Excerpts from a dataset
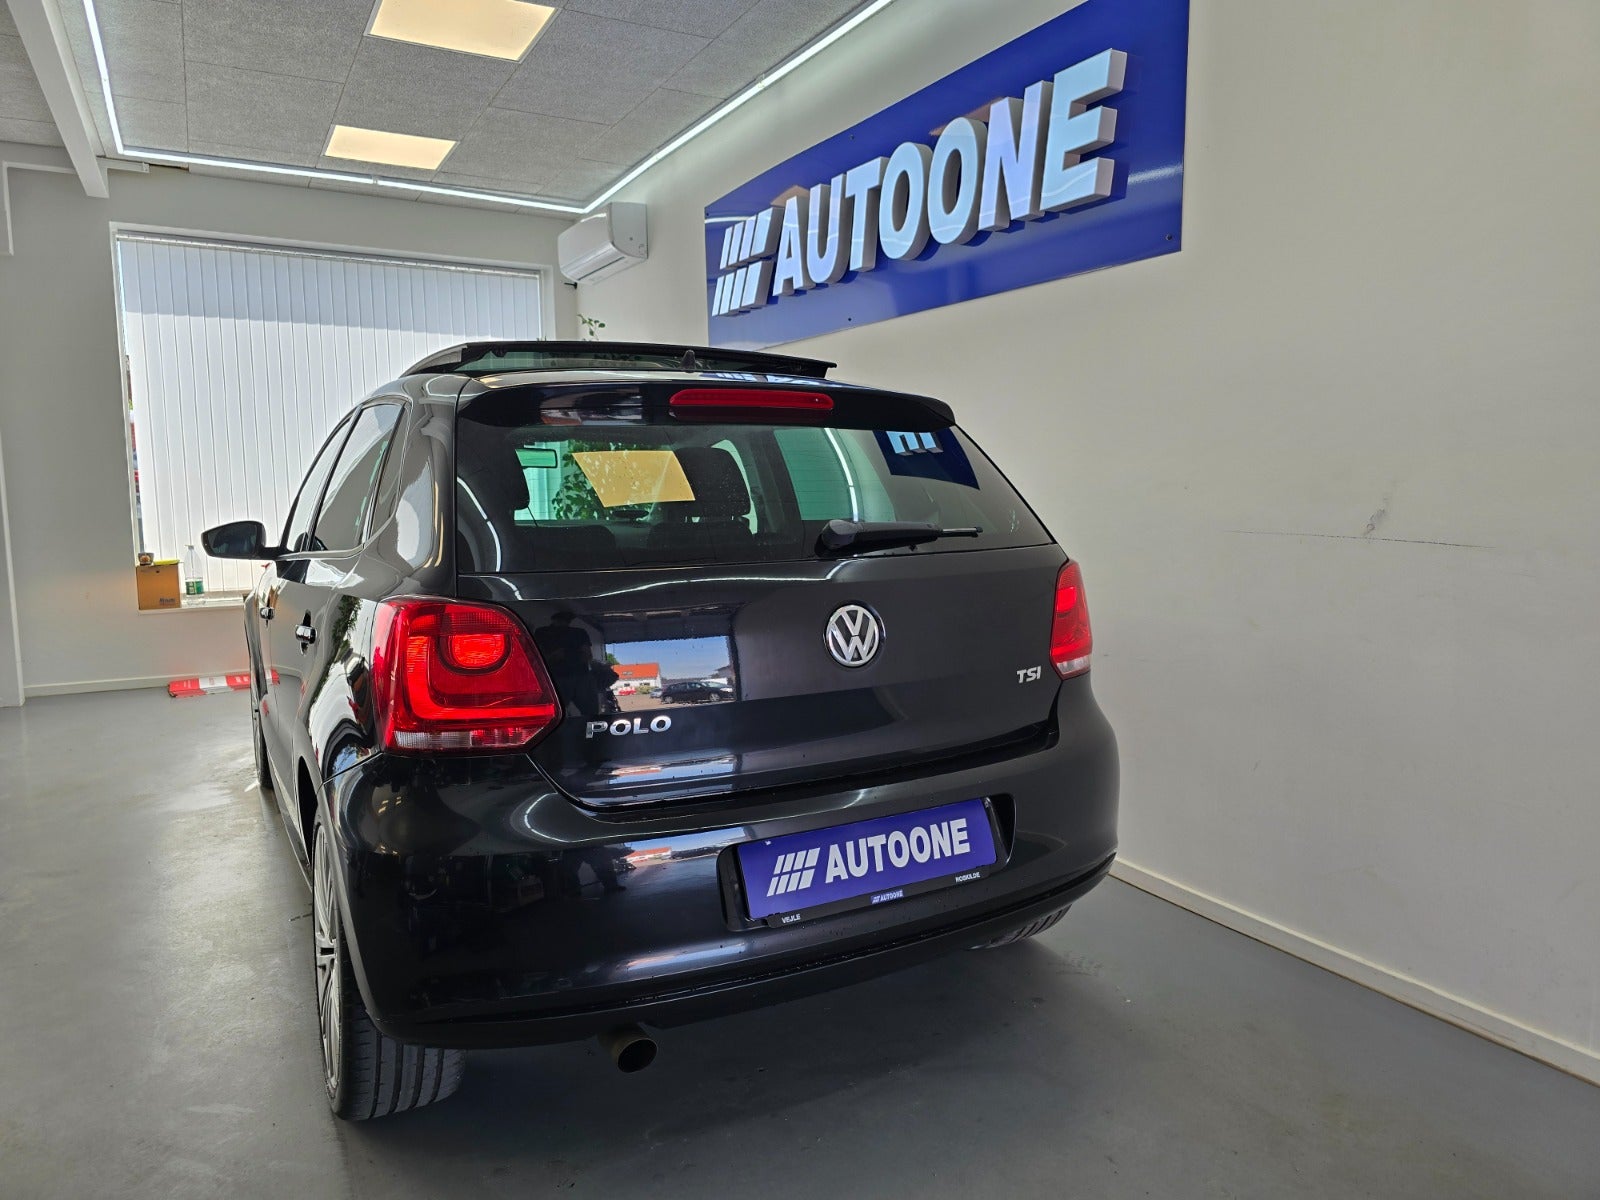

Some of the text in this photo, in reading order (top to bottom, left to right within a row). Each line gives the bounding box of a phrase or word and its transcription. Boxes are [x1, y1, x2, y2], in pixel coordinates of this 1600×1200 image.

[773, 48, 1127, 296] AUTOONE
[826, 604, 880, 667] VW
[1016, 665, 1042, 684] TSI
[585, 715, 672, 739] POLO
[825, 818, 971, 884] AUTOONE
[781, 913, 801, 924] VEJLE

### Exercise
Repeat each entry precisely as it appears. Leave the pictures out.

### Task output
Some of the text in this photo, in reading order (top to bottom, left to right within a row). Each line gives the bounding box of a phrase or word and its transcription. Boxes are [x1, y1, x2, y2], in pixel coordinates of this 1600×1200 image.

[773, 48, 1127, 296] AUTOONE
[826, 604, 880, 667] VW
[1016, 665, 1042, 684] TSI
[585, 715, 672, 739] POLO
[825, 818, 971, 884] AUTOONE
[781, 913, 801, 924] VEJLE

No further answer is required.